Reproduce the records word for word, apart from the images they contain.

(TASK DATA)
━━━
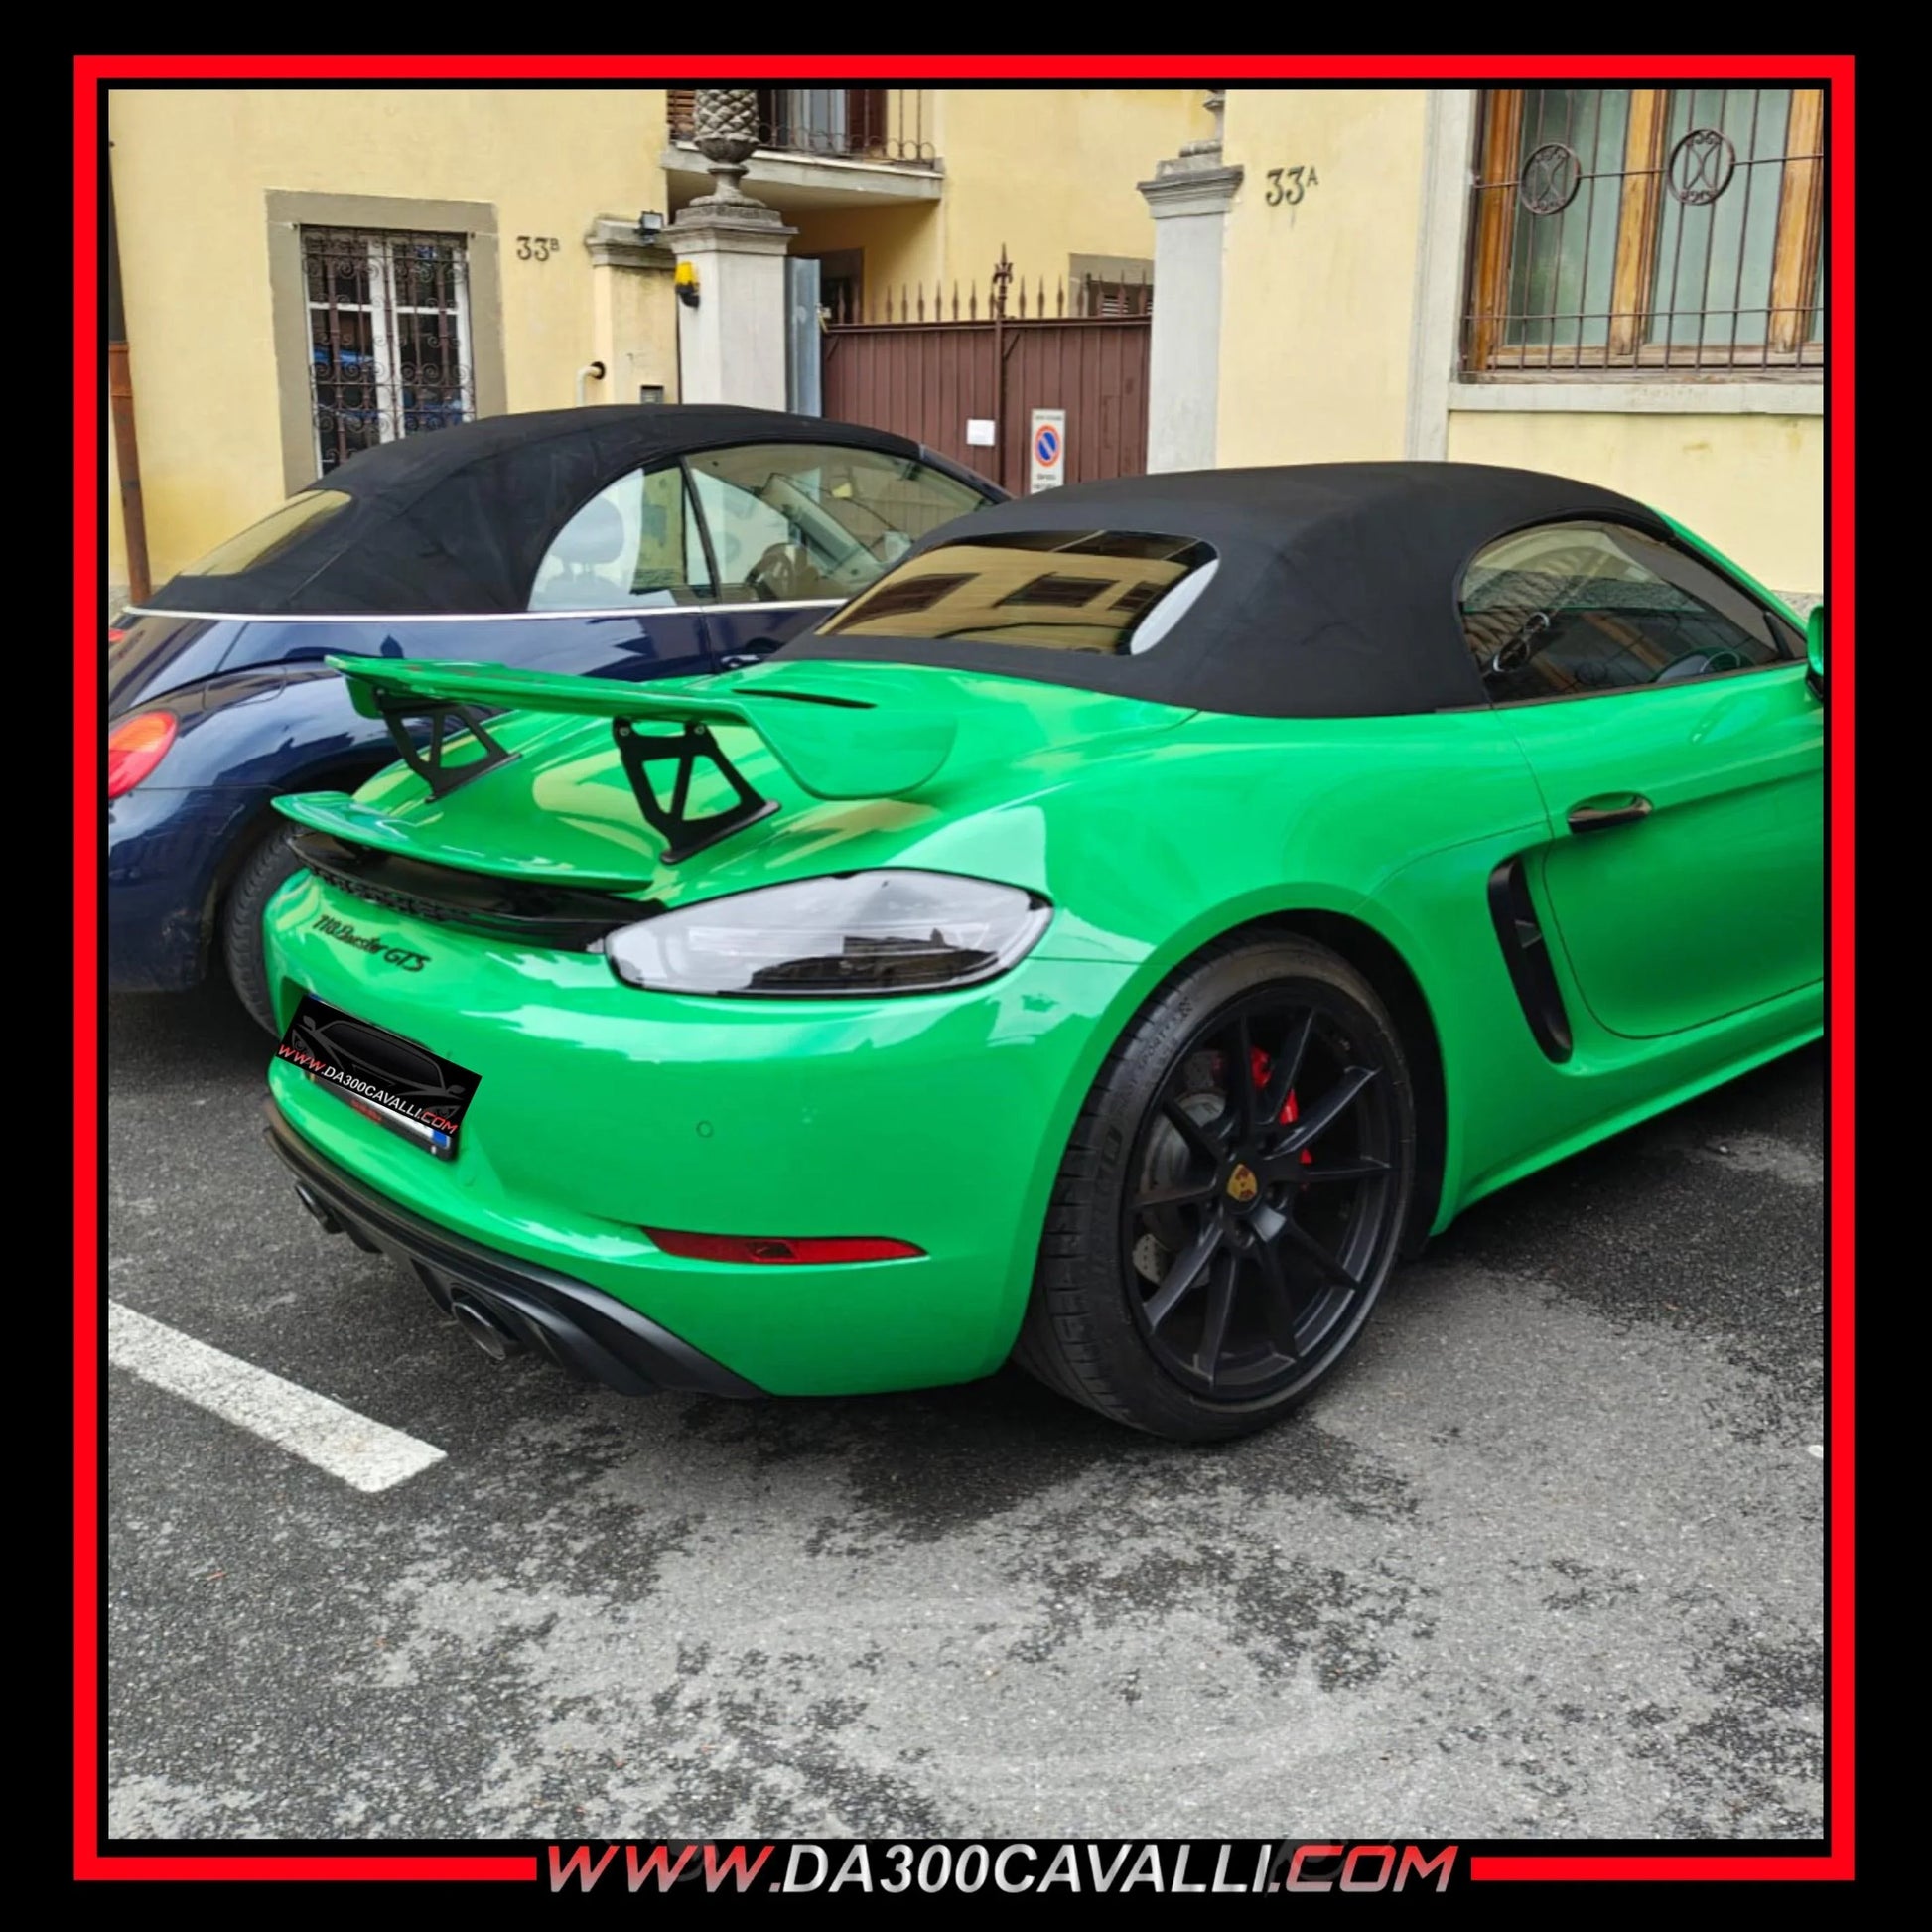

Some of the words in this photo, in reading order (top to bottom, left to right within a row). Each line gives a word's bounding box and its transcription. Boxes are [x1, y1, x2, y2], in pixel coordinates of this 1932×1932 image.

[1265, 165, 1319, 207] 33A
[515, 235, 560, 262] 33B
[383, 947, 432, 972] GTS
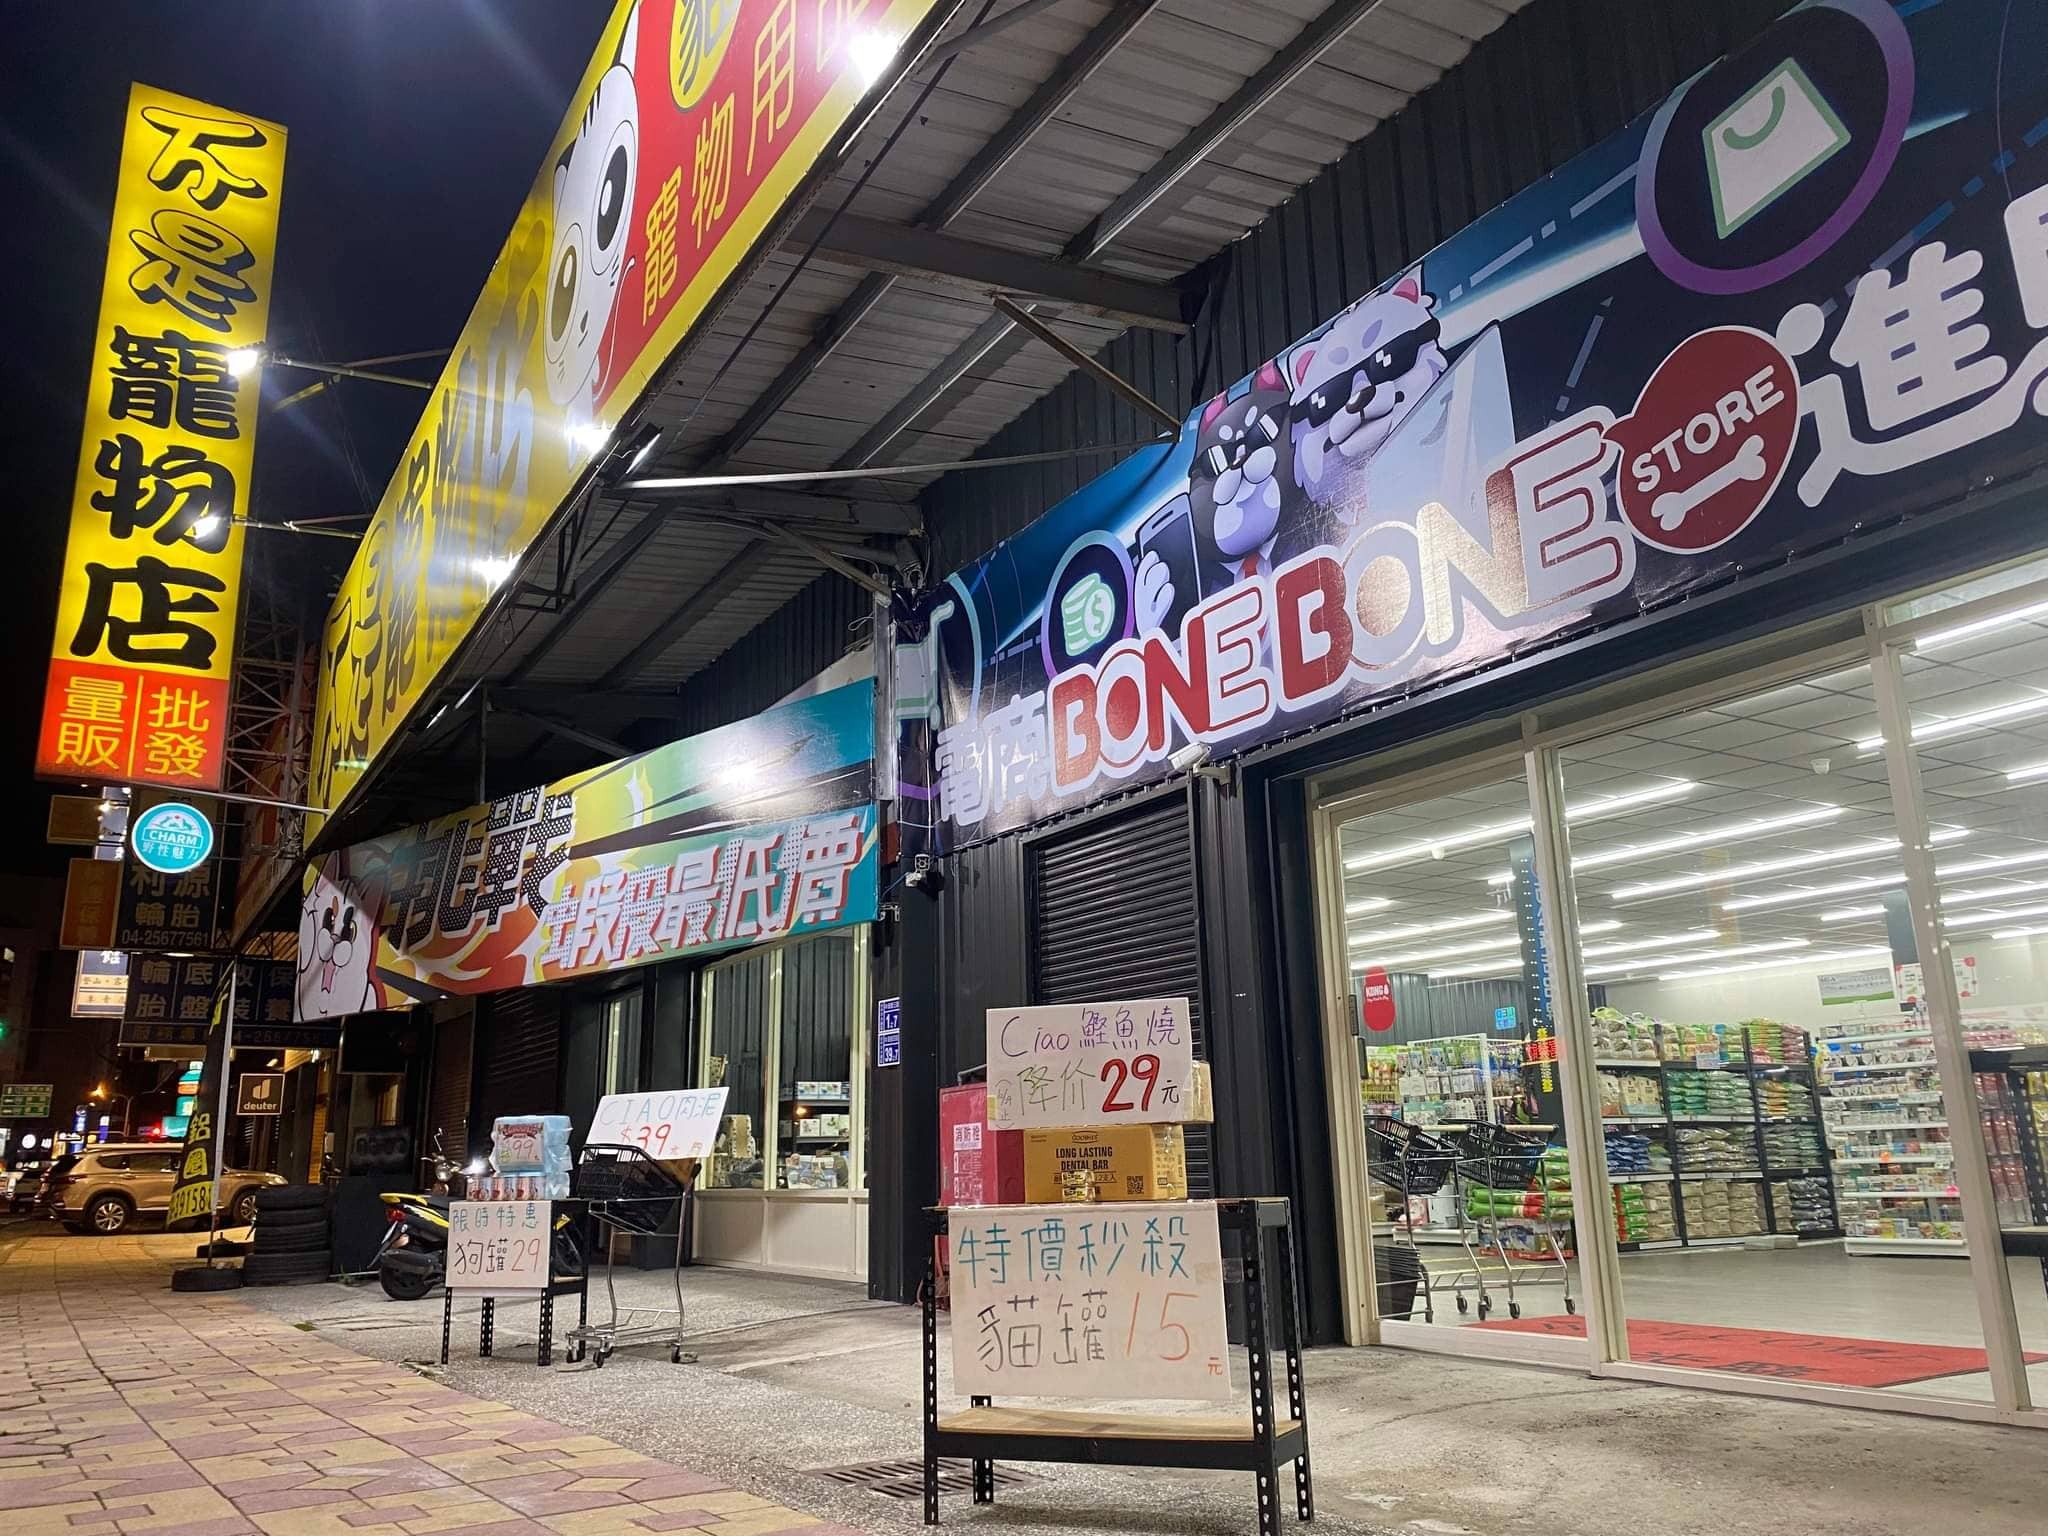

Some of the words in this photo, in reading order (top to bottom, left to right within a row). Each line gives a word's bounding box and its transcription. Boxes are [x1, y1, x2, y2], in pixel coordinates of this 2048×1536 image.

[1632, 366, 1785, 492] STORE
[1776, 184, 2048, 508] 進
[56, 676, 128, 770] 量販
[144, 686, 209, 778] 批發
[142, 842, 200, 860] 野性魅力
[149, 830, 198, 847] CHARM
[389, 787, 573, 950] 挑戰
[135, 902, 201, 928] 輪胎
[136, 960, 172, 1019] 輪胎
[180, 961, 214, 1020] 底盤
[243, 1100, 278, 1111] deuter
[1056, 1148, 1077, 1159] LONG
[1079, 1147, 1113, 1158] LASTING
[1061, 1160, 1090, 1170] DENTAL
[1093, 1159, 1109, 1170] BAR
[451, 1202, 540, 1233] 限時特惠
[453, 1237, 542, 1275] 狗罐29
[957, 1215, 1190, 1289] 特價秒殺
━━━
(THE ANSWER)
Some of the words in this photo, in reading order (top to bottom, left to right within a row). Each line gives a word's bounding box and its transcription. Boxes are [x1, y1, x2, y2], in pixel coordinates of this 1932×1932 image.

[1265, 165, 1319, 207] 33A
[515, 235, 560, 262] 33B
[383, 947, 432, 972] GTS

Some of the words in this photo, in reading order (top to bottom, left to right within a row). Each line gives a word's bounding box and its transcription. Boxes are [x1, y1, x2, y2], in pixel coordinates of this 2048×1536 image.

[1632, 366, 1785, 492] STORE
[1776, 184, 2048, 508] 進
[56, 676, 128, 770] 量販
[144, 686, 209, 778] 批發
[142, 842, 200, 860] 野性魅力
[149, 830, 198, 847] CHARM
[389, 787, 573, 950] 挑戰
[135, 902, 201, 928] 輪胎
[136, 960, 172, 1019] 輪胎
[180, 961, 214, 1020] 底盤
[243, 1100, 278, 1111] deuter
[1056, 1148, 1077, 1159] LONG
[1079, 1147, 1113, 1158] LASTING
[1061, 1160, 1090, 1170] DENTAL
[1093, 1159, 1109, 1170] BAR
[451, 1202, 540, 1233] 限時特惠
[453, 1237, 542, 1275] 狗罐29
[957, 1215, 1190, 1289] 特價秒殺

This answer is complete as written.